Activity
Return exactly the span that opens with the line containing "this 1874×1874 image." and closes with the final line of the records, both included.

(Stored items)
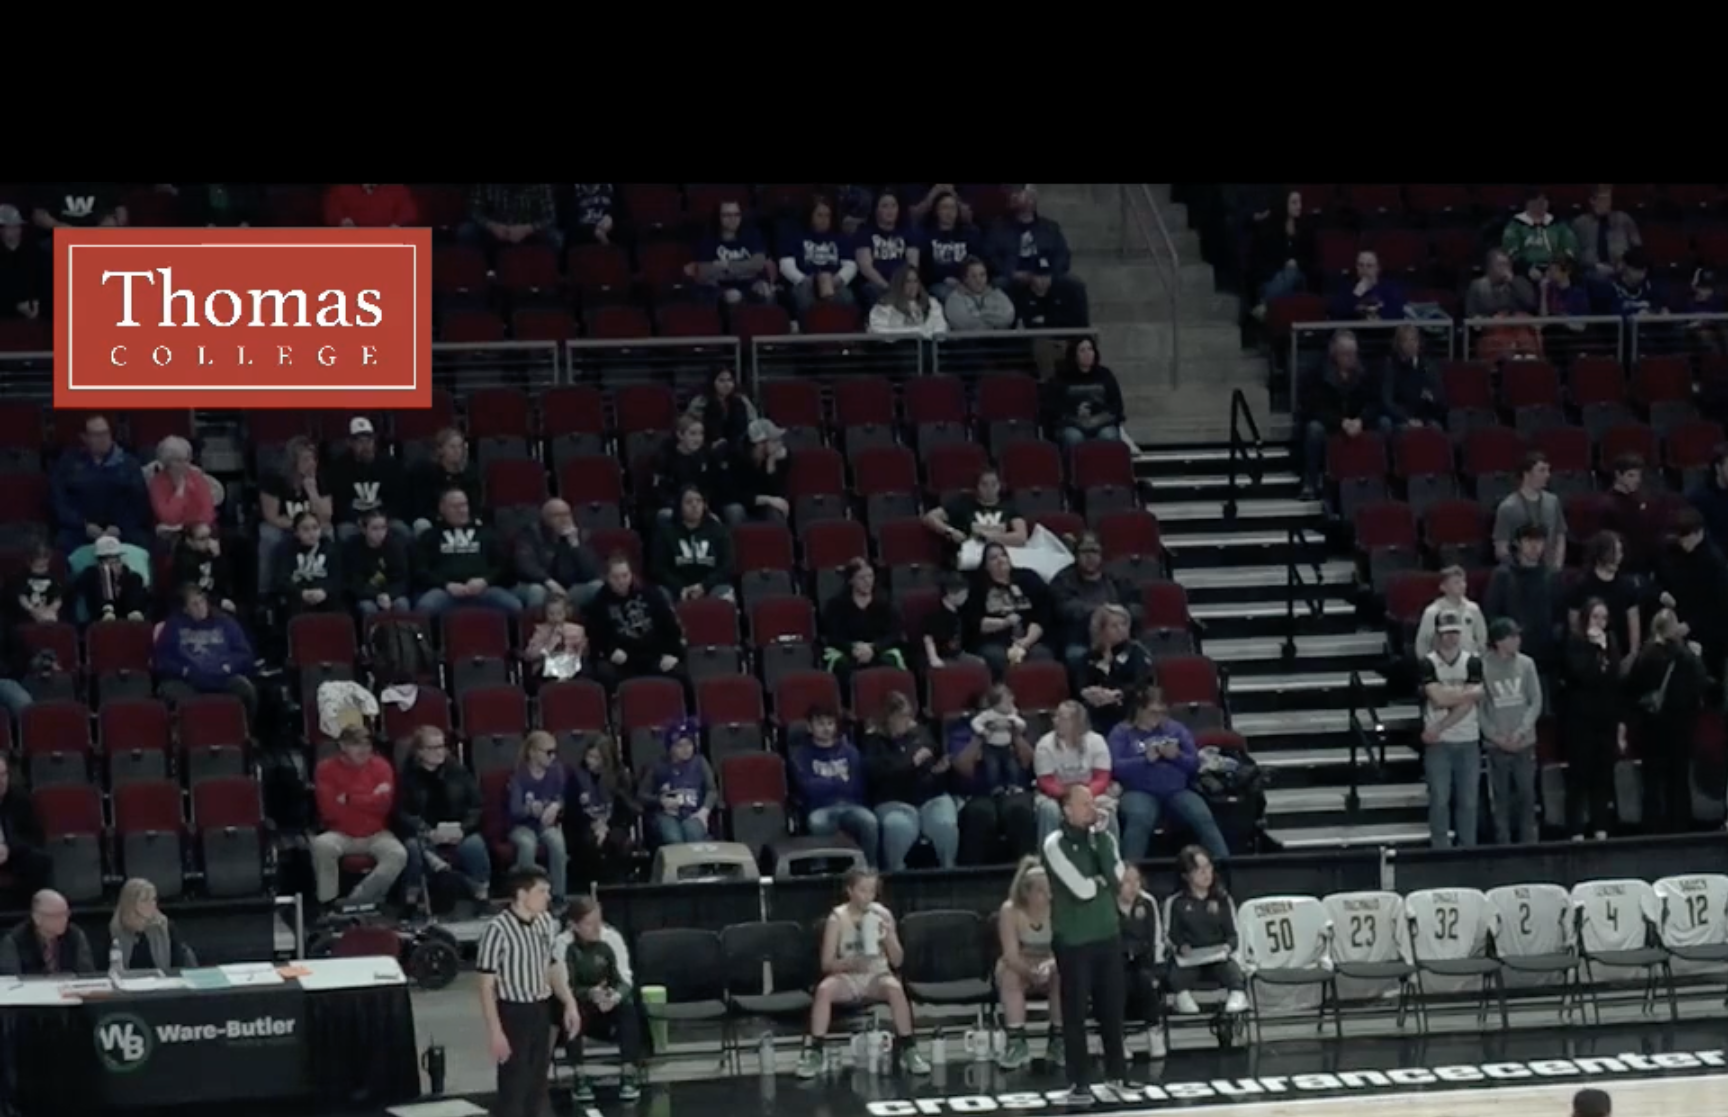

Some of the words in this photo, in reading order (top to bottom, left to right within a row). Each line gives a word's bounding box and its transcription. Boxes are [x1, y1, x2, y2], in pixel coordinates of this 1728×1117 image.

[1434, 908, 1459, 941] 32
[1519, 902, 1532, 935] 2
[1606, 900, 1618, 932] 4
[1685, 894, 1709, 928] 12
[1265, 918, 1295, 953] 50
[1351, 915, 1376, 948] 23
[155, 1015, 297, 1043] Ware-Butler
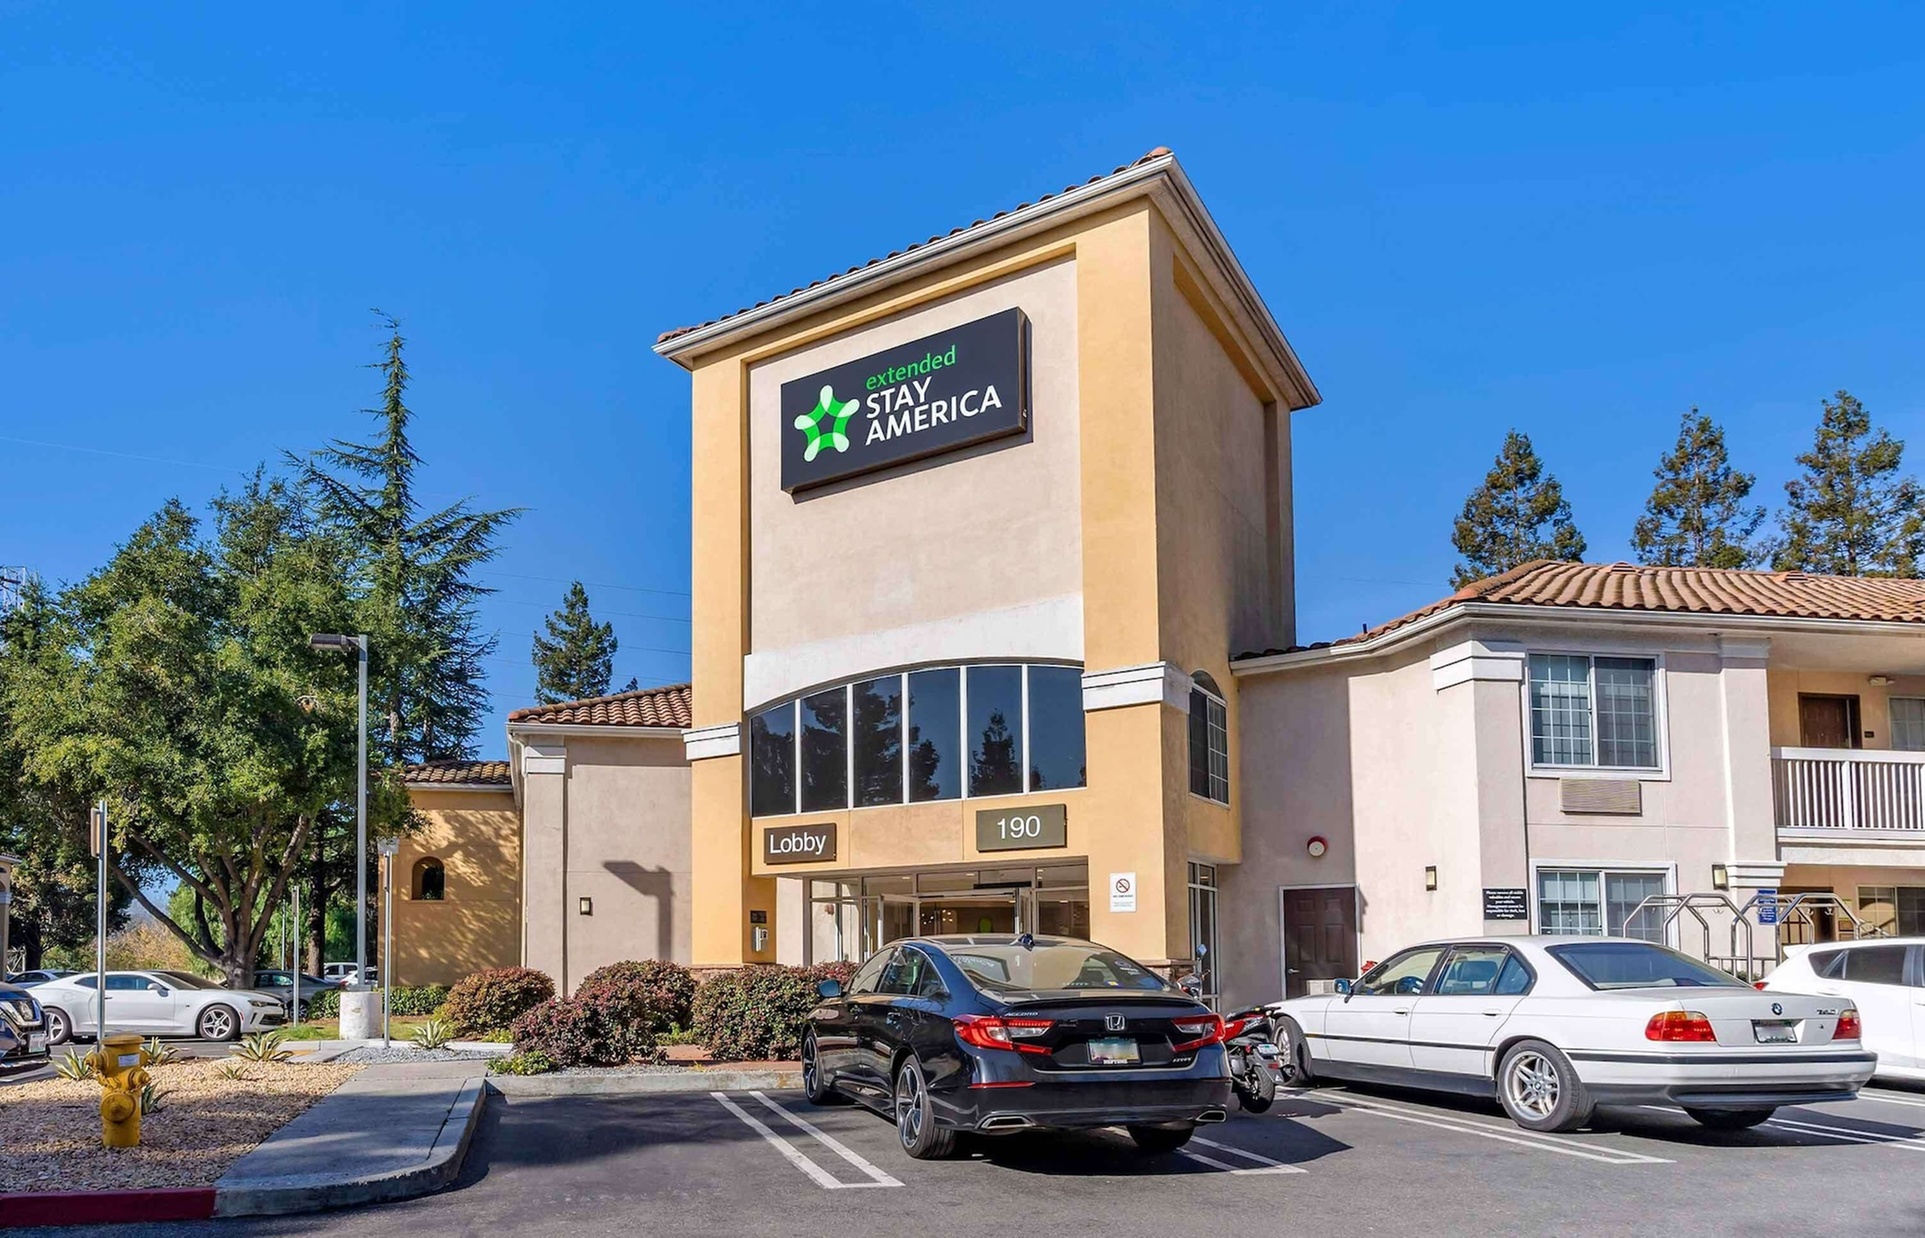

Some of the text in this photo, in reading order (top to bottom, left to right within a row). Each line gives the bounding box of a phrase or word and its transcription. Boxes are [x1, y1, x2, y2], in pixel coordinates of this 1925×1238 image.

[865, 345, 956, 390] extended
[864, 385, 1002, 446] AMERICA
[866, 376, 933, 419] STAY
[769, 832, 827, 855] Lobby
[996, 815, 1041, 839] 190
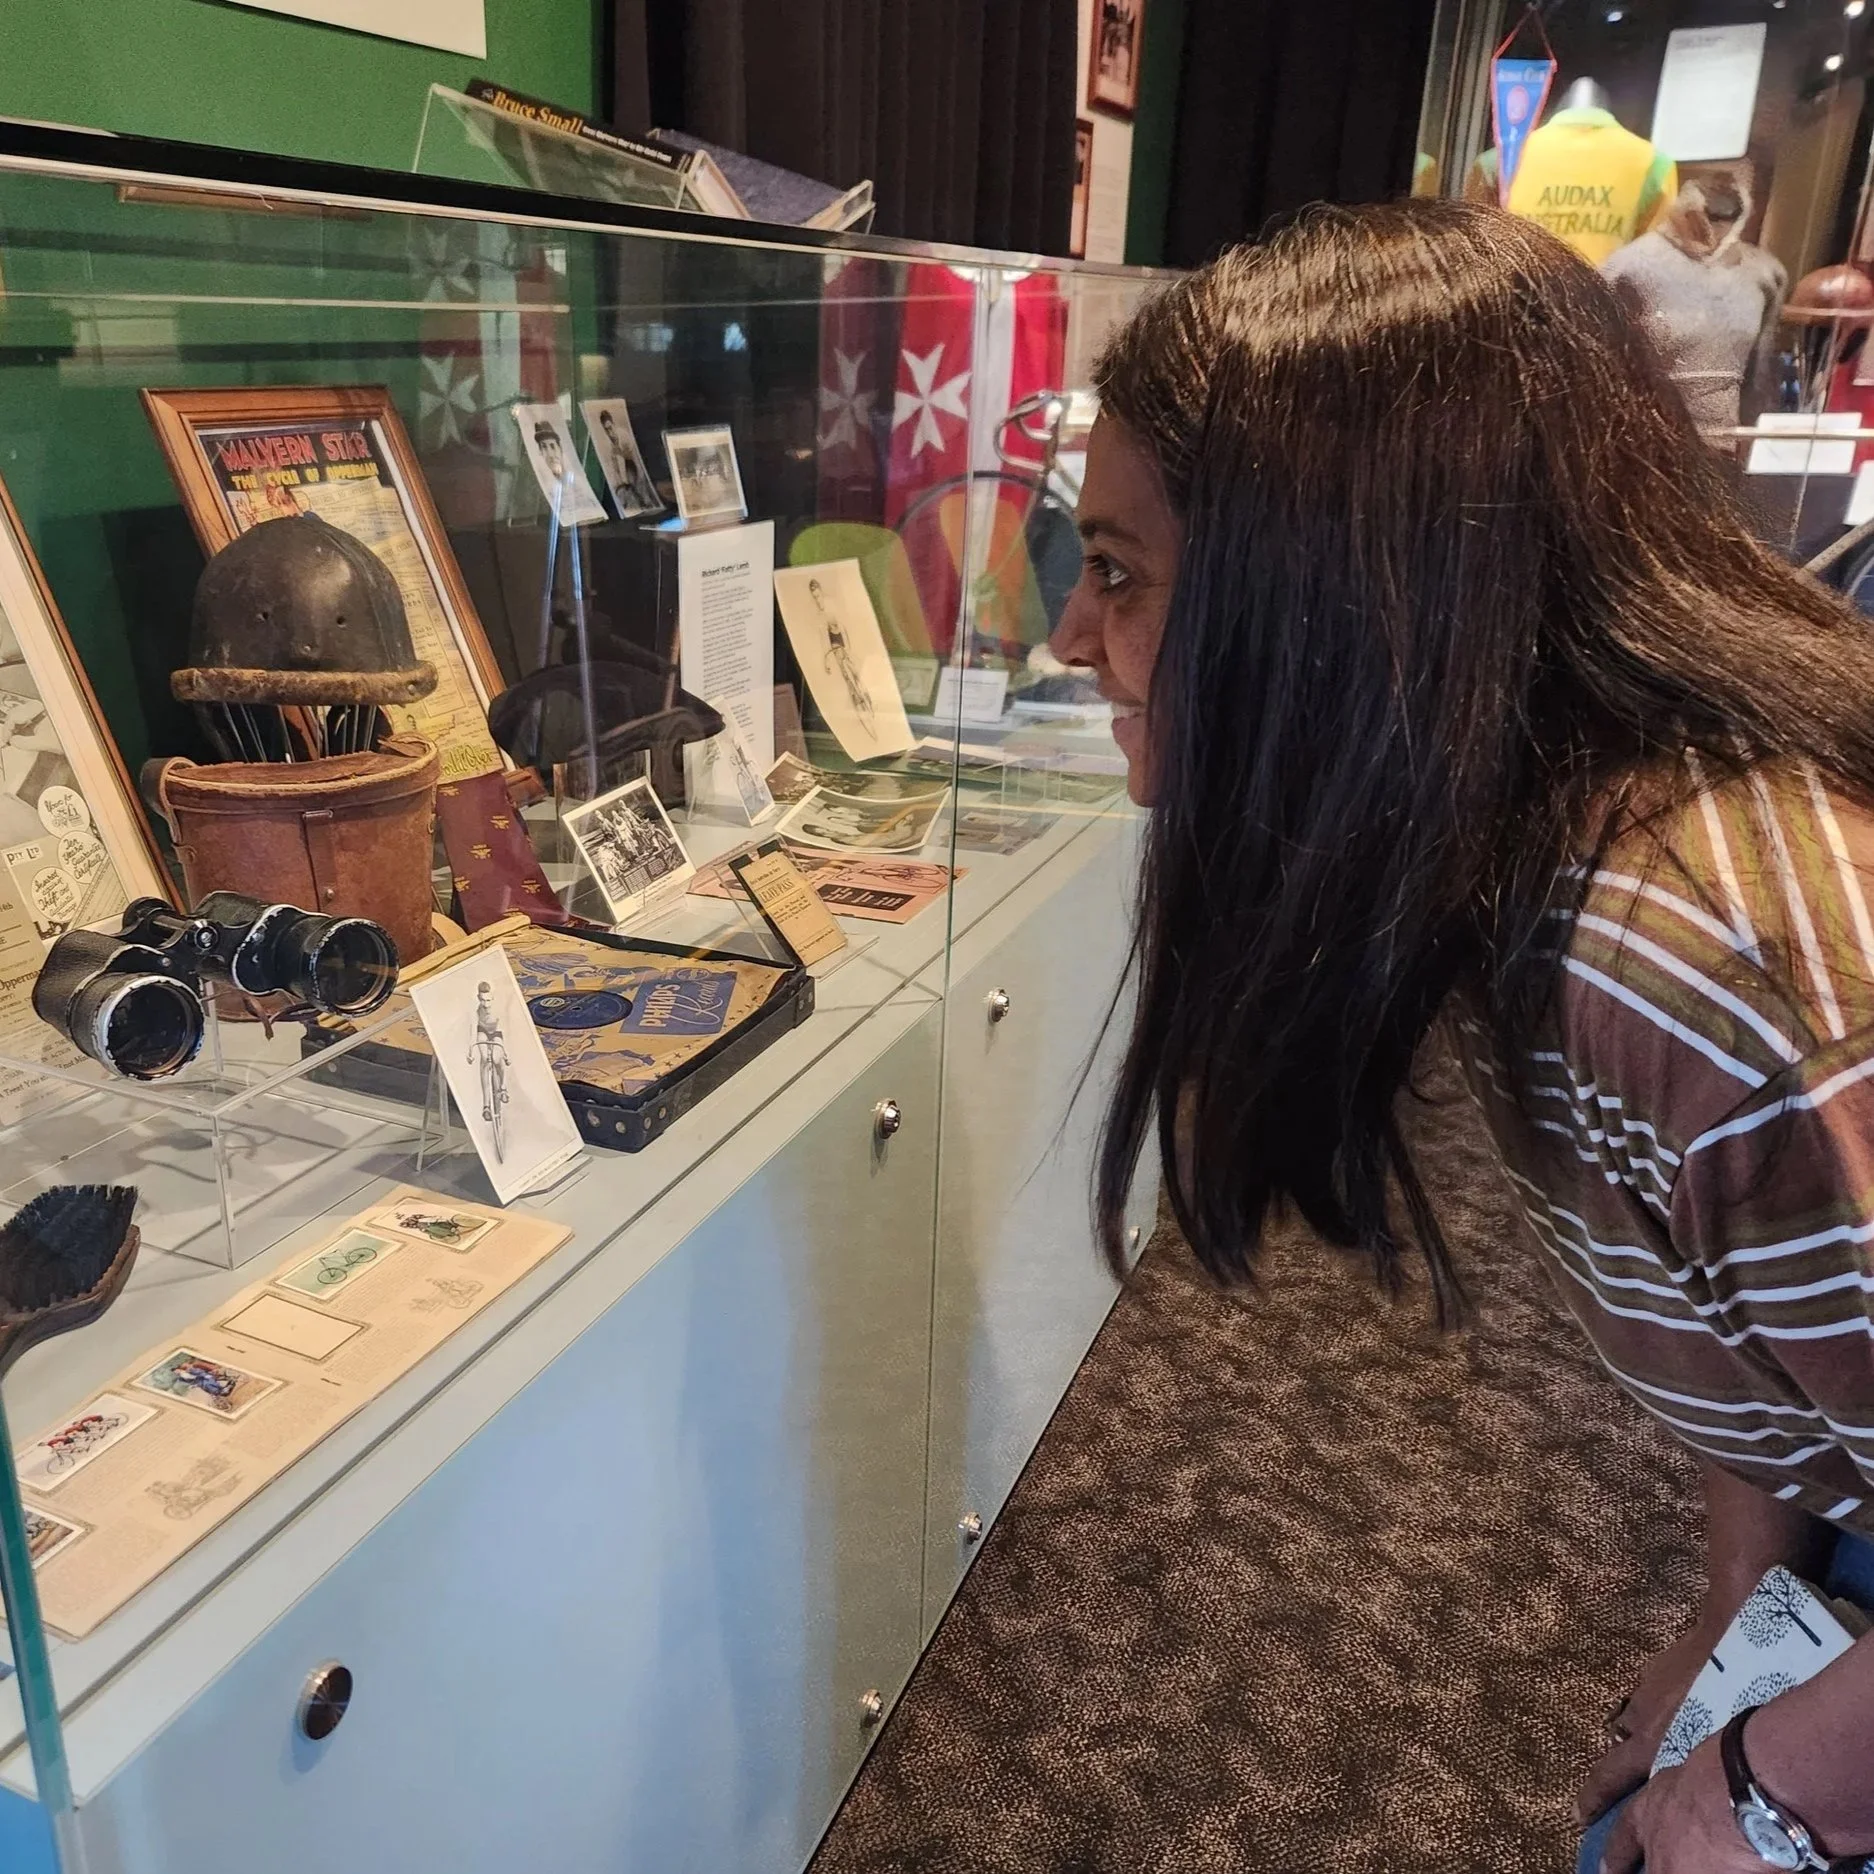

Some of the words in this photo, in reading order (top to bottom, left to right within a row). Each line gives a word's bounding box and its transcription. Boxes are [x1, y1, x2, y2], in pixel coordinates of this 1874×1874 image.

[493, 91, 535, 119] Bruce
[539, 106, 584, 134] Small
[1537, 185, 1615, 208] AUDAX
[218, 434, 319, 471] MALVERN
[322, 431, 373, 462] STAR
[231, 474, 259, 490] THE
[267, 468, 300, 487] CYCLE
[38, 890, 60, 911] Theft
[760, 885, 779, 904] LEAVE
[777, 878, 796, 895] PASS
[0, 969, 42, 991] Opperma
[639, 984, 680, 1027] PHILIPS

Output below
Some of the words in this photo, in reading order (top to bottom, left to right within a row). Each line gives a word's bounding box and its transcription. Boxes are [x1, y1, x2, y2], in pixel coordinates of this 1874×1874 image.

[493, 91, 535, 119] Bruce
[539, 106, 584, 134] Small
[1537, 185, 1615, 208] AUDAX
[218, 434, 319, 471] MALVERN
[322, 431, 373, 462] STAR
[231, 474, 259, 490] THE
[267, 468, 300, 487] CYCLE
[38, 890, 60, 911] Theft
[760, 885, 779, 904] LEAVE
[777, 878, 796, 895] PASS
[0, 969, 42, 991] Opperma
[639, 984, 680, 1027] PHILIPS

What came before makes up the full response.